-- Data shown follows --

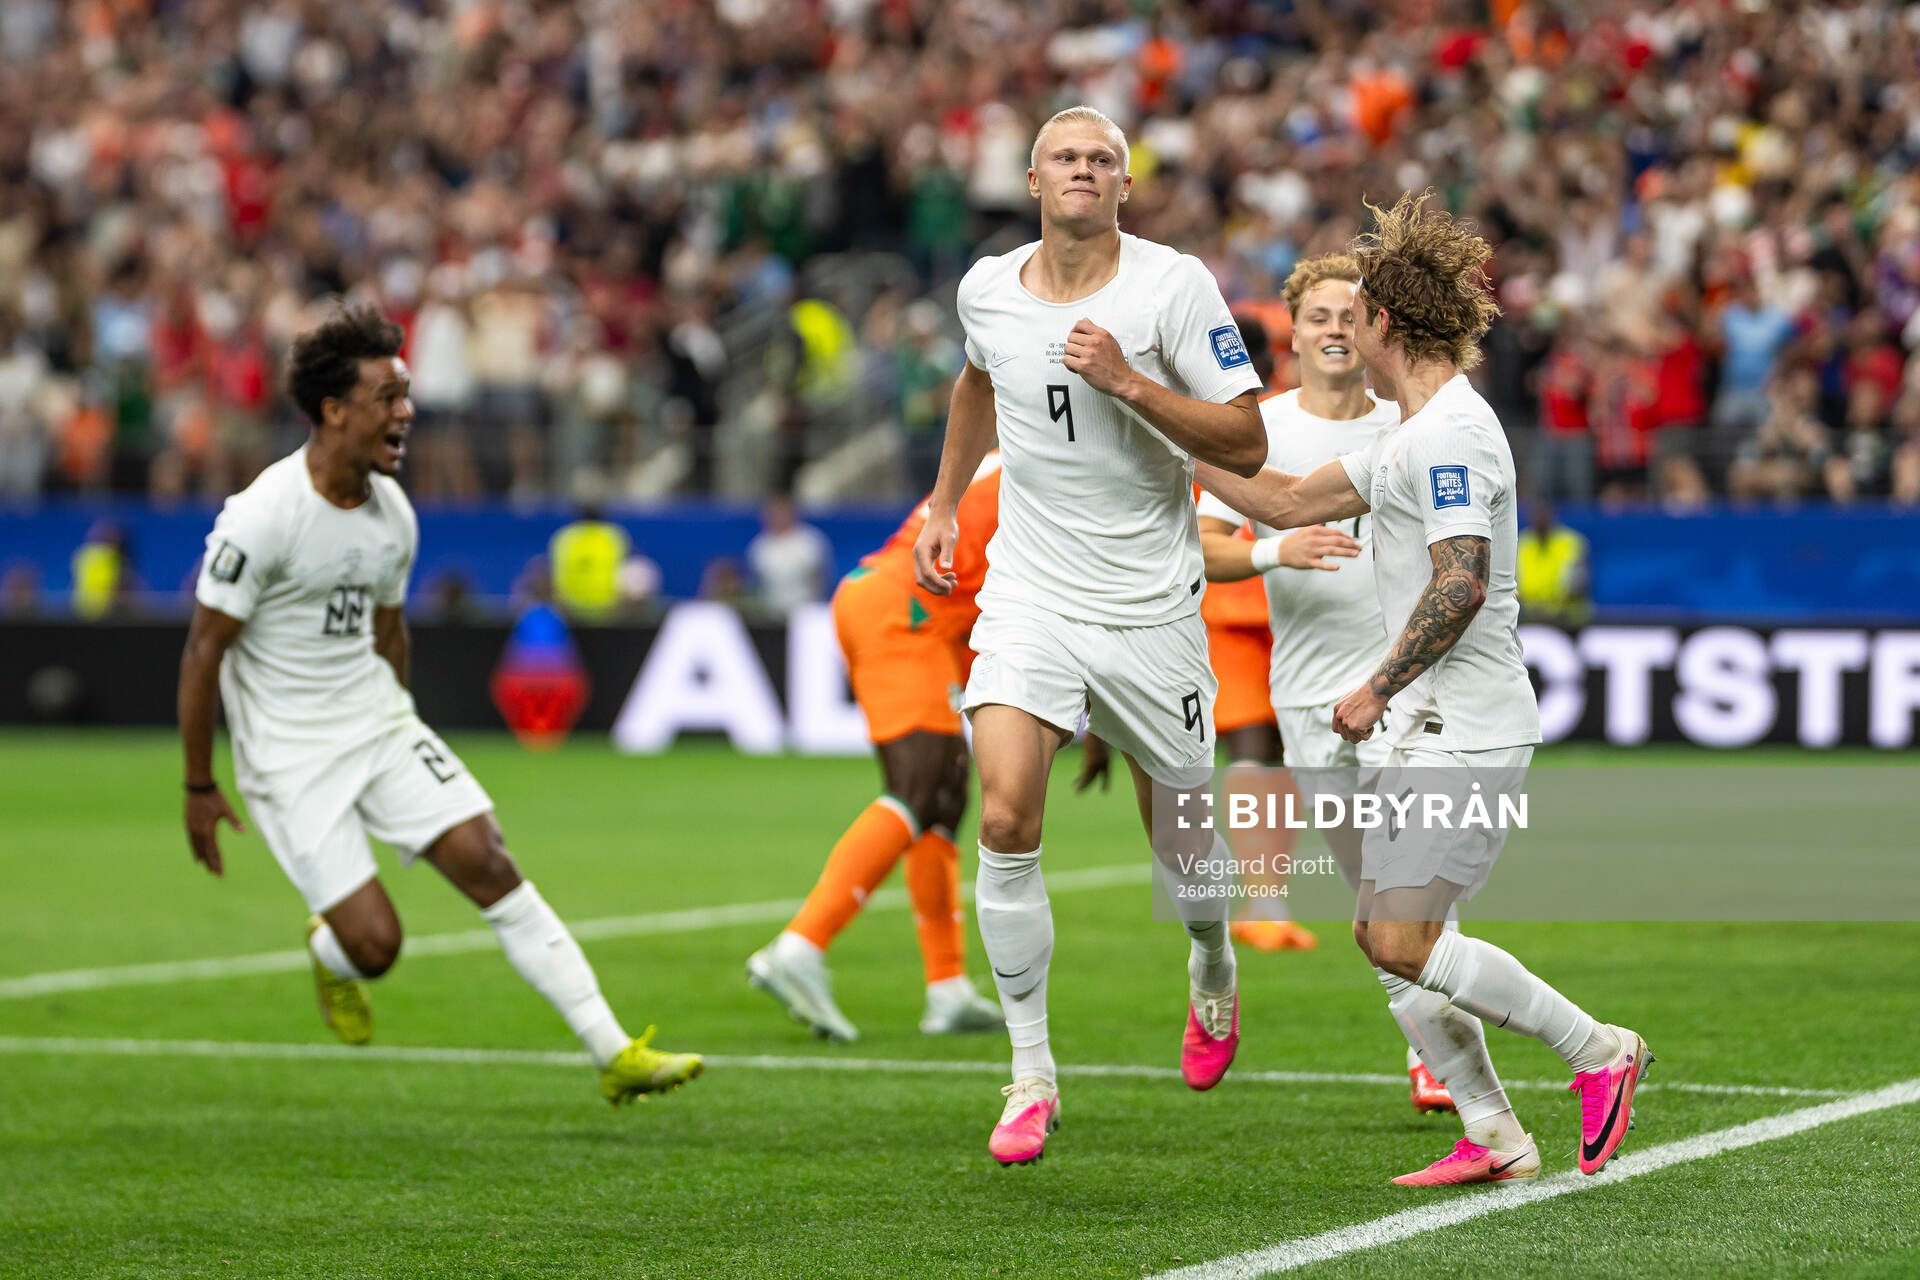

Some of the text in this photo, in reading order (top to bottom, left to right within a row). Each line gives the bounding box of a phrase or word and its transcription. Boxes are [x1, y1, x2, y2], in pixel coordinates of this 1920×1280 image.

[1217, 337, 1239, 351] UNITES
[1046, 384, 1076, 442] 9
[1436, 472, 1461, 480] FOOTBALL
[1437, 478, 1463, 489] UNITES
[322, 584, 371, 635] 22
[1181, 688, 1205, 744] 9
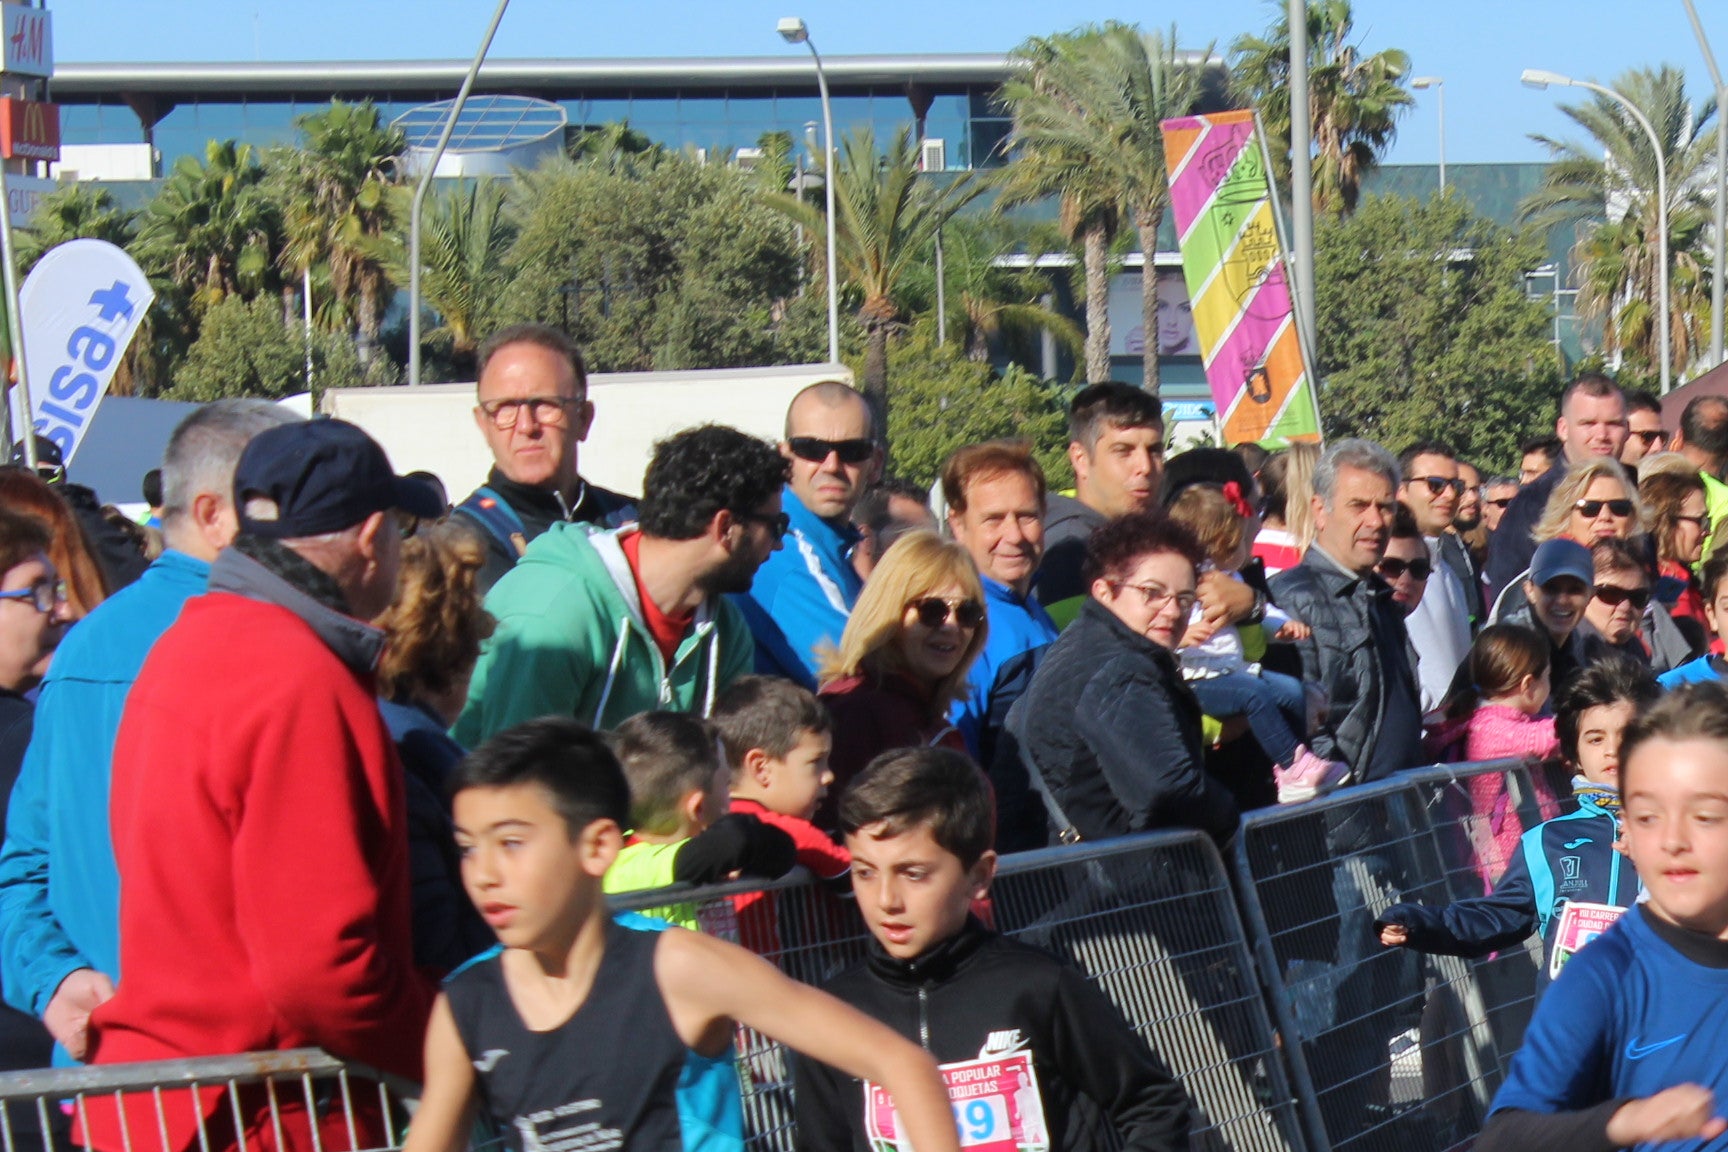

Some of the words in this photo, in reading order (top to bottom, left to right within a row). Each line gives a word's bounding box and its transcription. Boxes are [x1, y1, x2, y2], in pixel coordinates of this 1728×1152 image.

-- Data shown concluded --
-- Data shown follows --

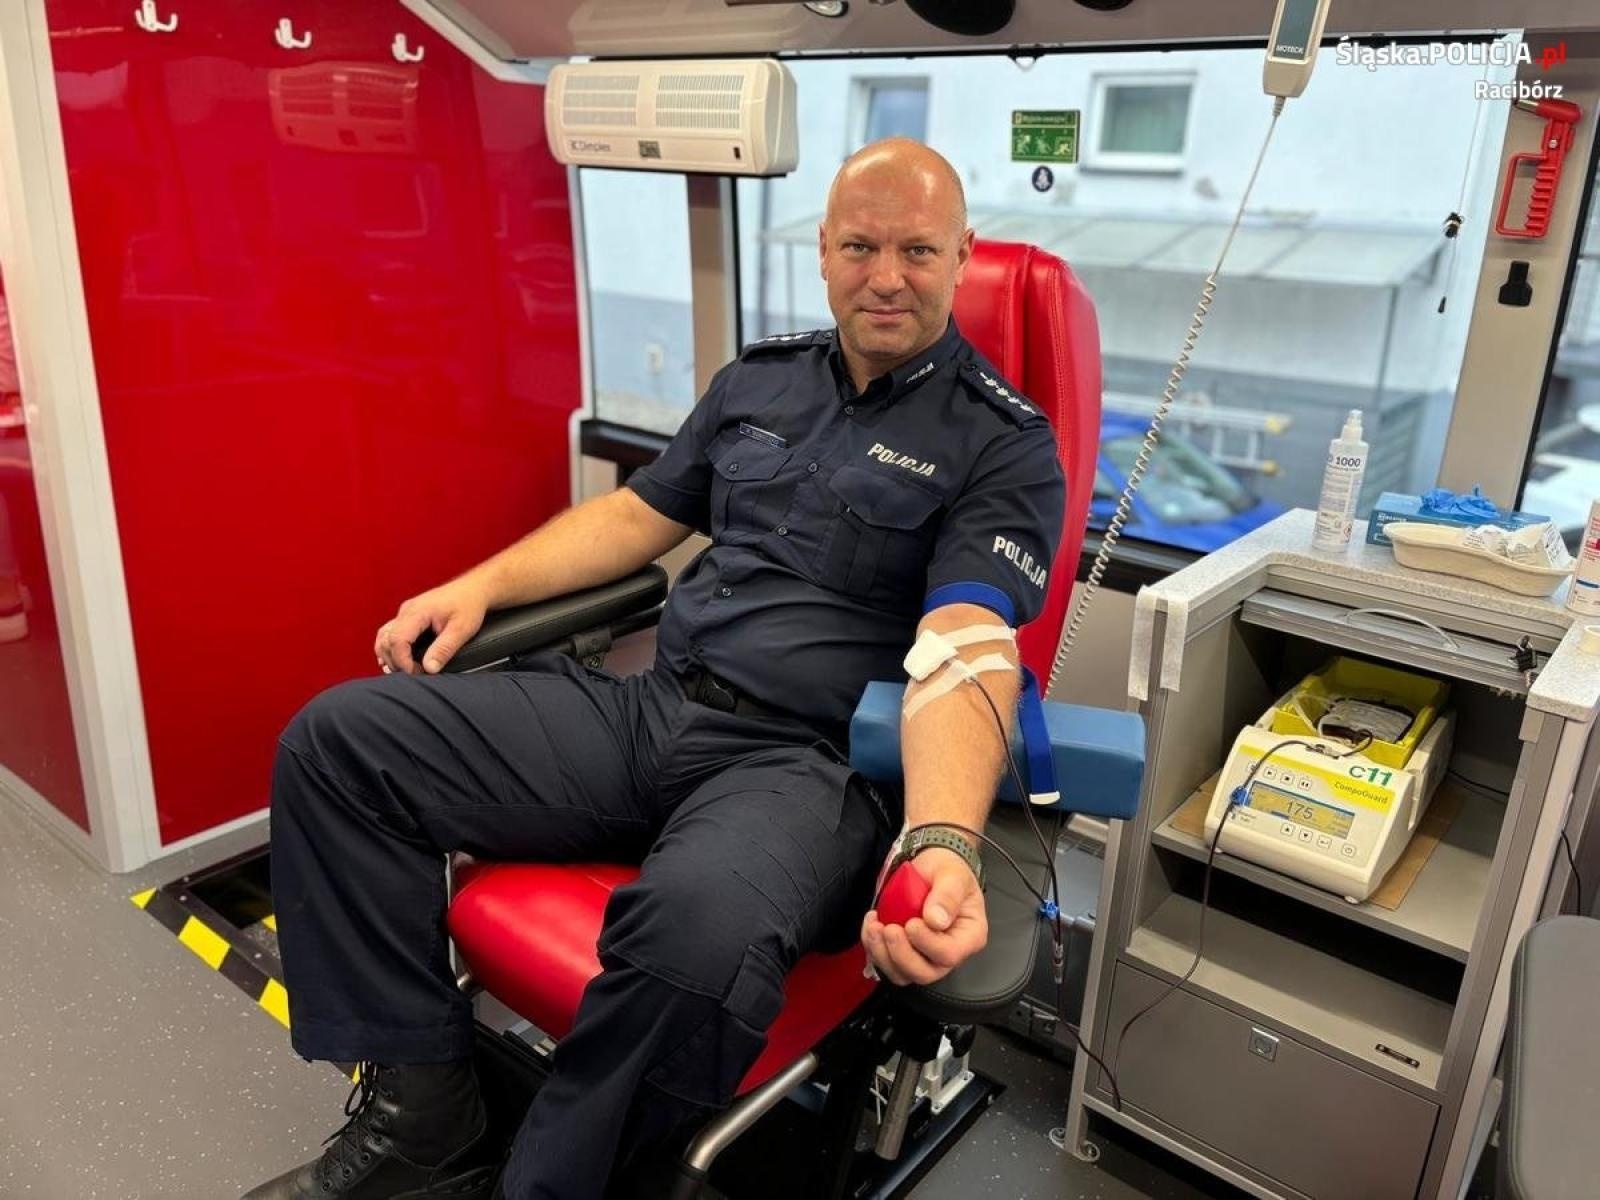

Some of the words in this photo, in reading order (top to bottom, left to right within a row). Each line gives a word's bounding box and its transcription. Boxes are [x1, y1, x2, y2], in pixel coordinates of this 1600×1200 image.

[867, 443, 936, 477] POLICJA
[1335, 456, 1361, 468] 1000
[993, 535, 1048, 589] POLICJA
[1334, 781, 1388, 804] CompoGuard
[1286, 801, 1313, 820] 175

-- Data shown concluded --

Give again, exactly as written above, every line from the one holding "Some of the text" to the one holding "this 1728×1152 image.", with both ends kept and the pictures left out.

Answer section:
Some of the text in this photo, in reading order (top to bottom, left to right within a row). Each line gives the bounding box of a phrase or word and its transcription. Boxes are [x1, y1, x2, y2], in pixel coordinates of this 1920×1280 image.

[1217, 337, 1239, 351] UNITES
[1046, 384, 1076, 442] 9
[1436, 472, 1461, 480] FOOTBALL
[1437, 478, 1463, 489] UNITES
[322, 584, 371, 635] 22
[1181, 688, 1205, 744] 9

Some of the words in this photo, in reading order (top to bottom, left to right within a row). Each line gives a word's bounding box and its transcription. Boxes are [x1, y1, x2, y2], in pixel coordinates of this 1728×1152 image.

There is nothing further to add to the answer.